▶ **Exercise details**
The records below are to be output exactly, except for their pictures.

Records to process: Begin

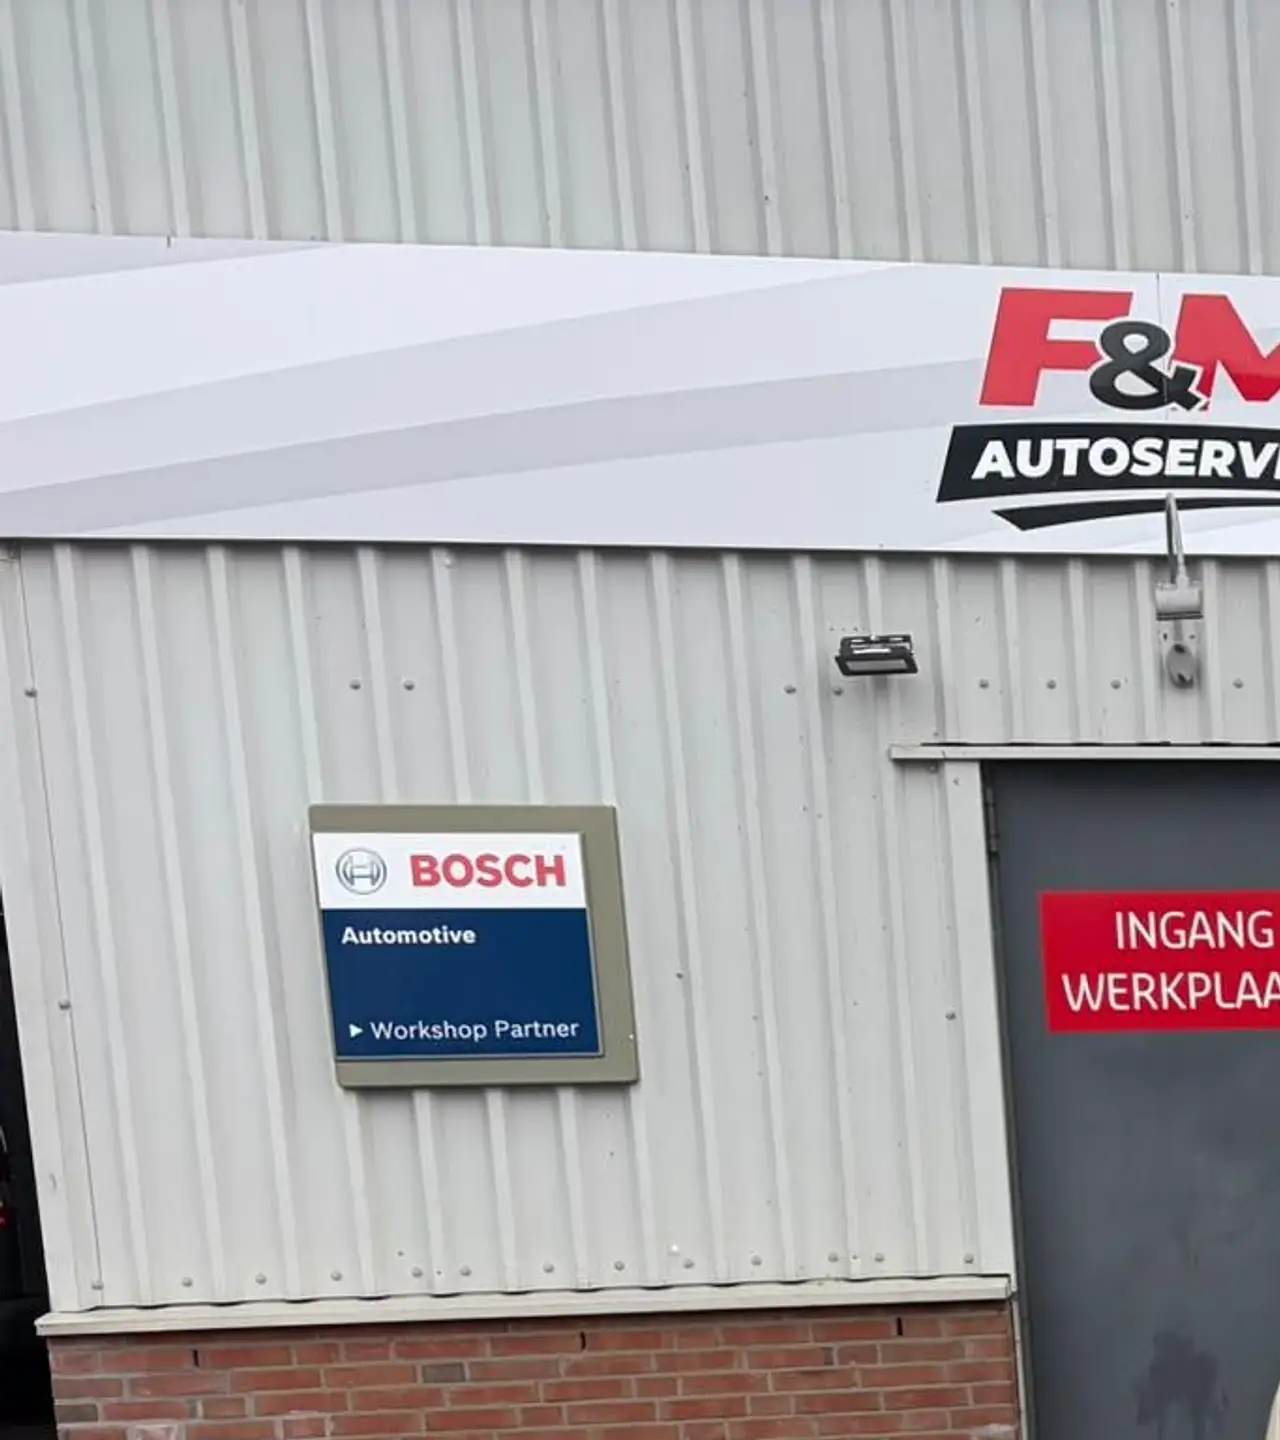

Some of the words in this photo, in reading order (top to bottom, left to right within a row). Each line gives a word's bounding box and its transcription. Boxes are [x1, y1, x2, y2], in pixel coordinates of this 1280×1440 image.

[410, 854, 566, 888] BOSCH
[341, 925, 477, 945] Automotive
[1115, 910, 1275, 949] INGANG
[370, 1021, 487, 1042] Workshop
[495, 1019, 580, 1038] Partner
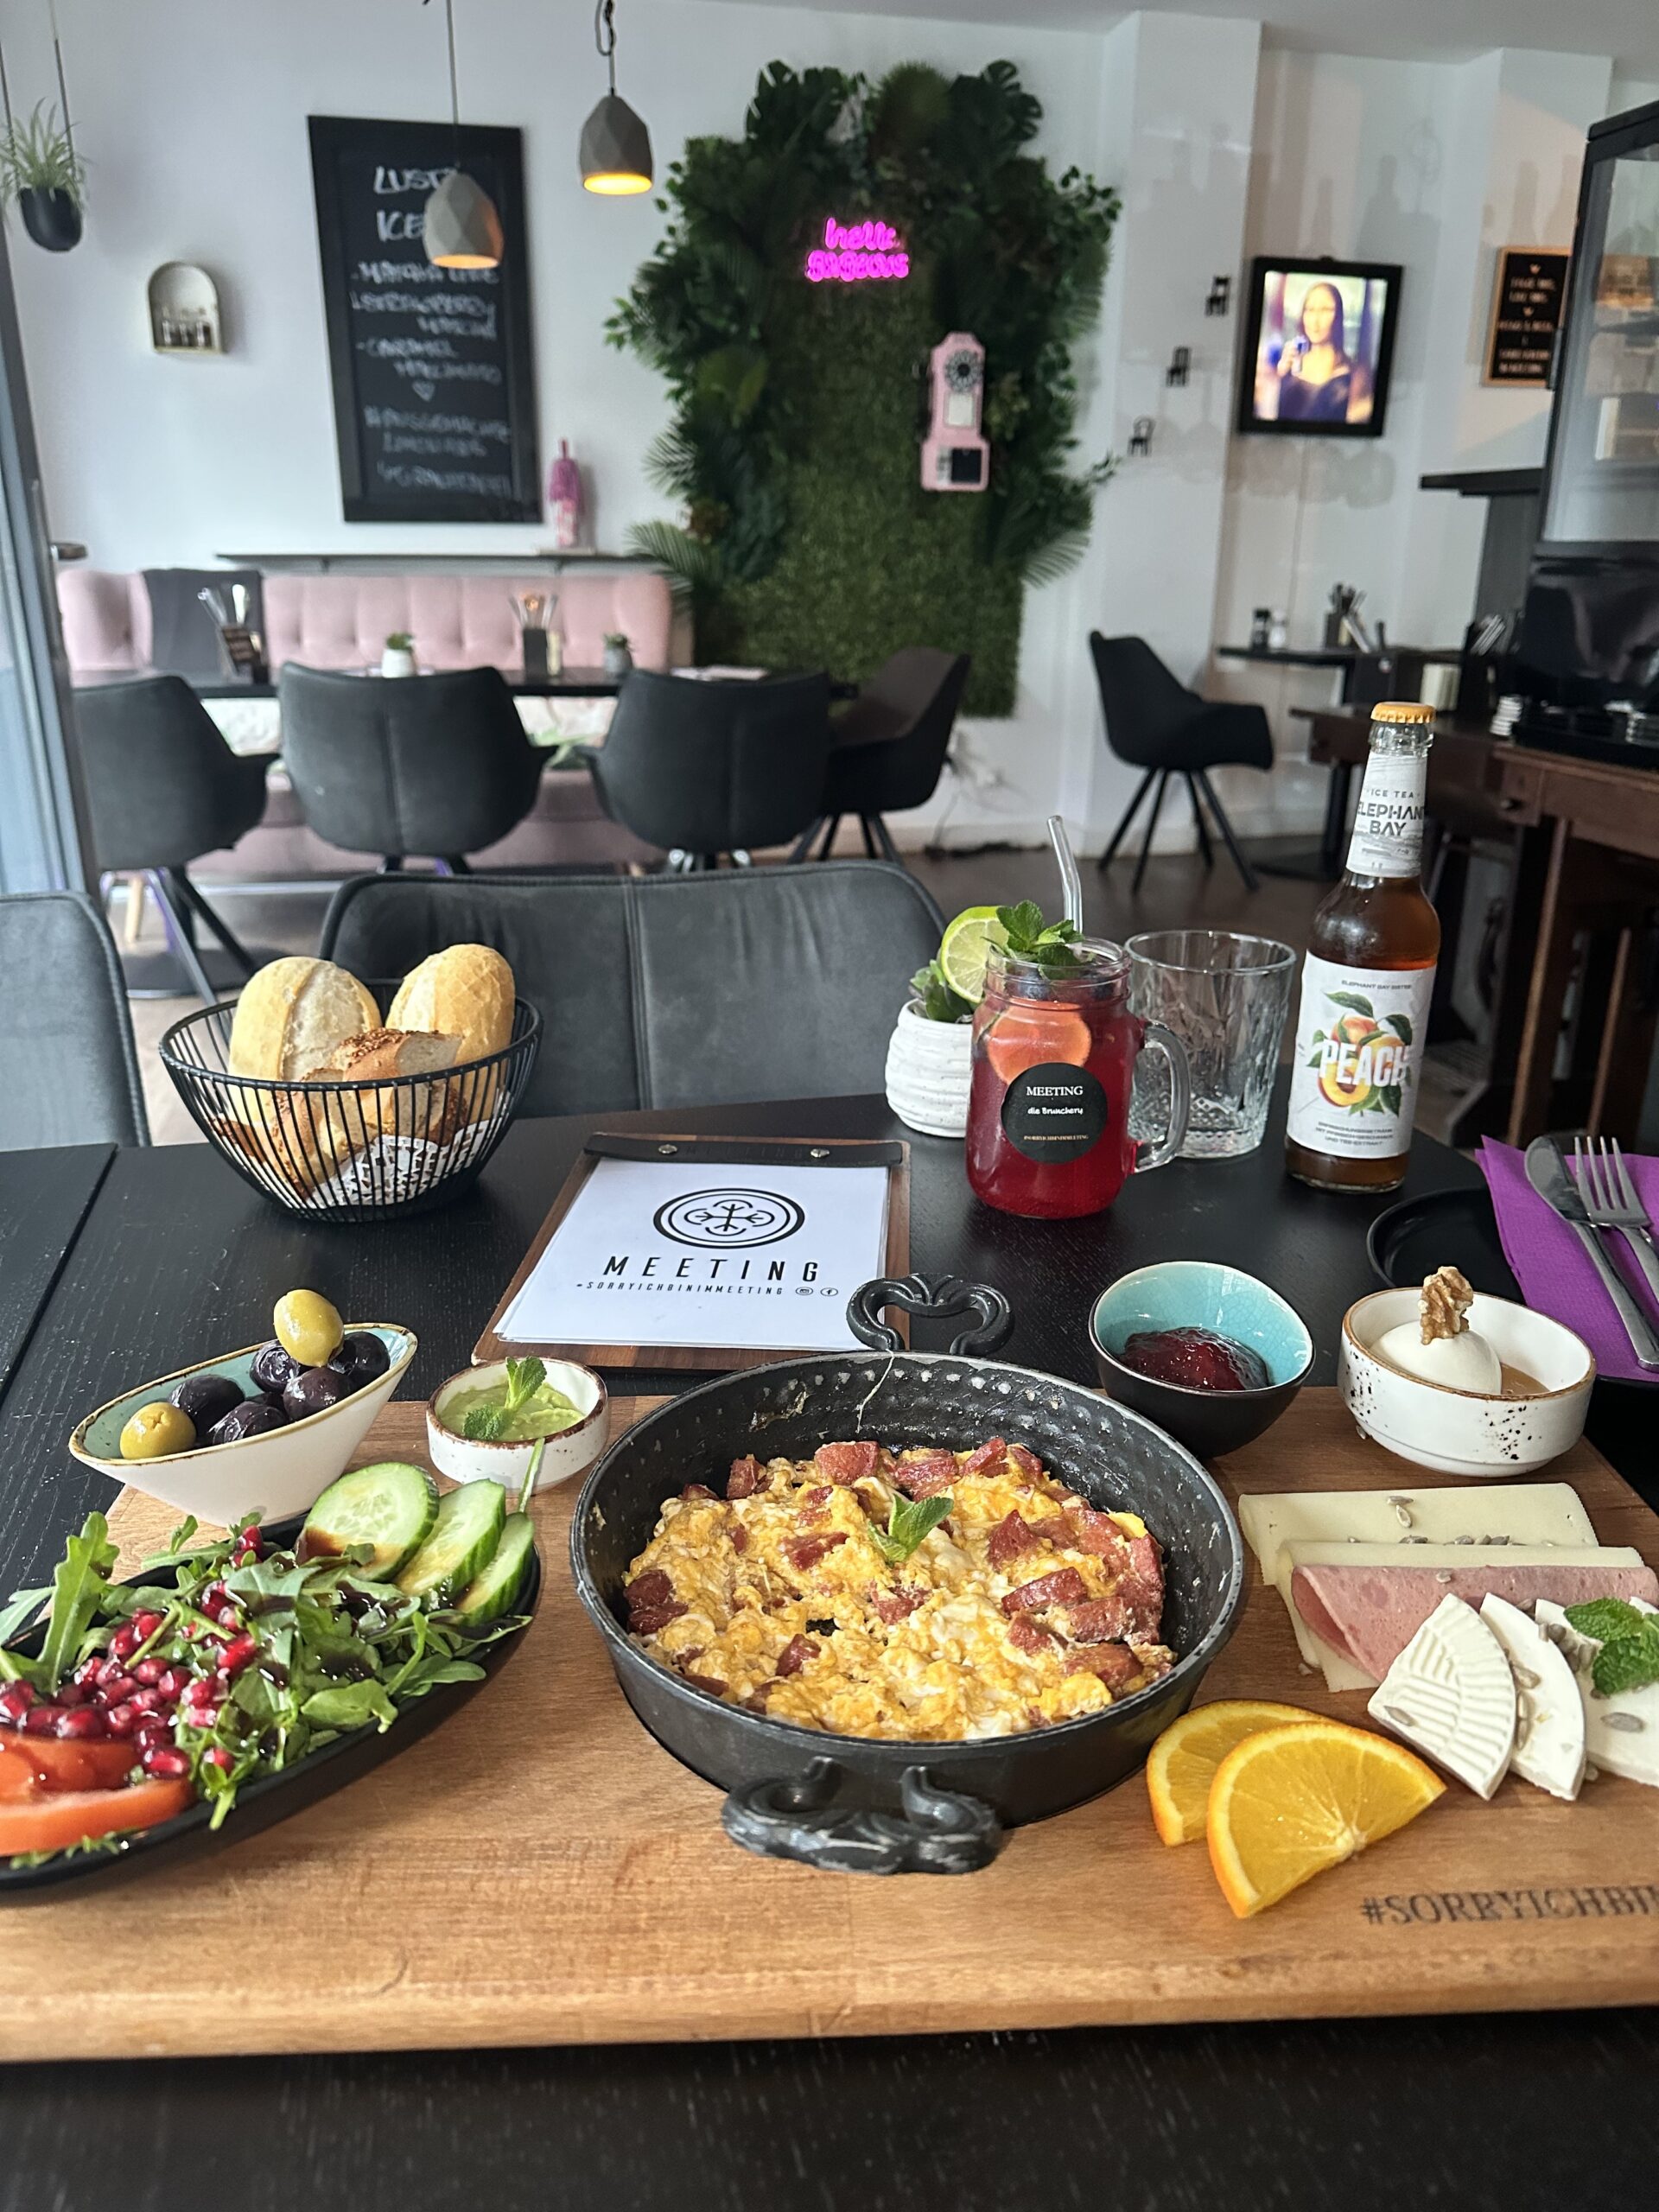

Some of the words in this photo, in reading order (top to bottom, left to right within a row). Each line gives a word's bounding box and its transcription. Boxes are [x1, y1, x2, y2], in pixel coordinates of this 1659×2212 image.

[1370, 788, 1389, 798] ICE
[1370, 820, 1407, 836] BAY
[1319, 1038, 1411, 1087] PEACH
[1026, 1085, 1084, 1096] MEETING
[1042, 1107, 1084, 1116] Brunchery
[602, 1255, 818, 1282] MEETING

Records to process: End

▶ **Exercise answer**
Some of the words in this photo, in reading order (top to bottom, left to right within a row). Each line gives a word's bounding box and its transcription. Boxes are [x1, y1, x2, y2], in pixel coordinates of this 1280×1440 image.

[410, 854, 566, 888] BOSCH
[341, 925, 477, 945] Automotive
[1115, 910, 1275, 949] INGANG
[370, 1021, 487, 1042] Workshop
[495, 1019, 580, 1038] Partner

Some of the words in this photo, in reading order (top to bottom, left to right within a row). Each line gives a word's bounding box and its transcription. Boxes are [x1, y1, x2, y2], in pixel coordinates of this 1659×2212 image.

[1370, 788, 1389, 798] ICE
[1370, 820, 1407, 836] BAY
[1319, 1038, 1411, 1087] PEACH
[1026, 1085, 1084, 1096] MEETING
[1042, 1107, 1084, 1116] Brunchery
[602, 1255, 818, 1282] MEETING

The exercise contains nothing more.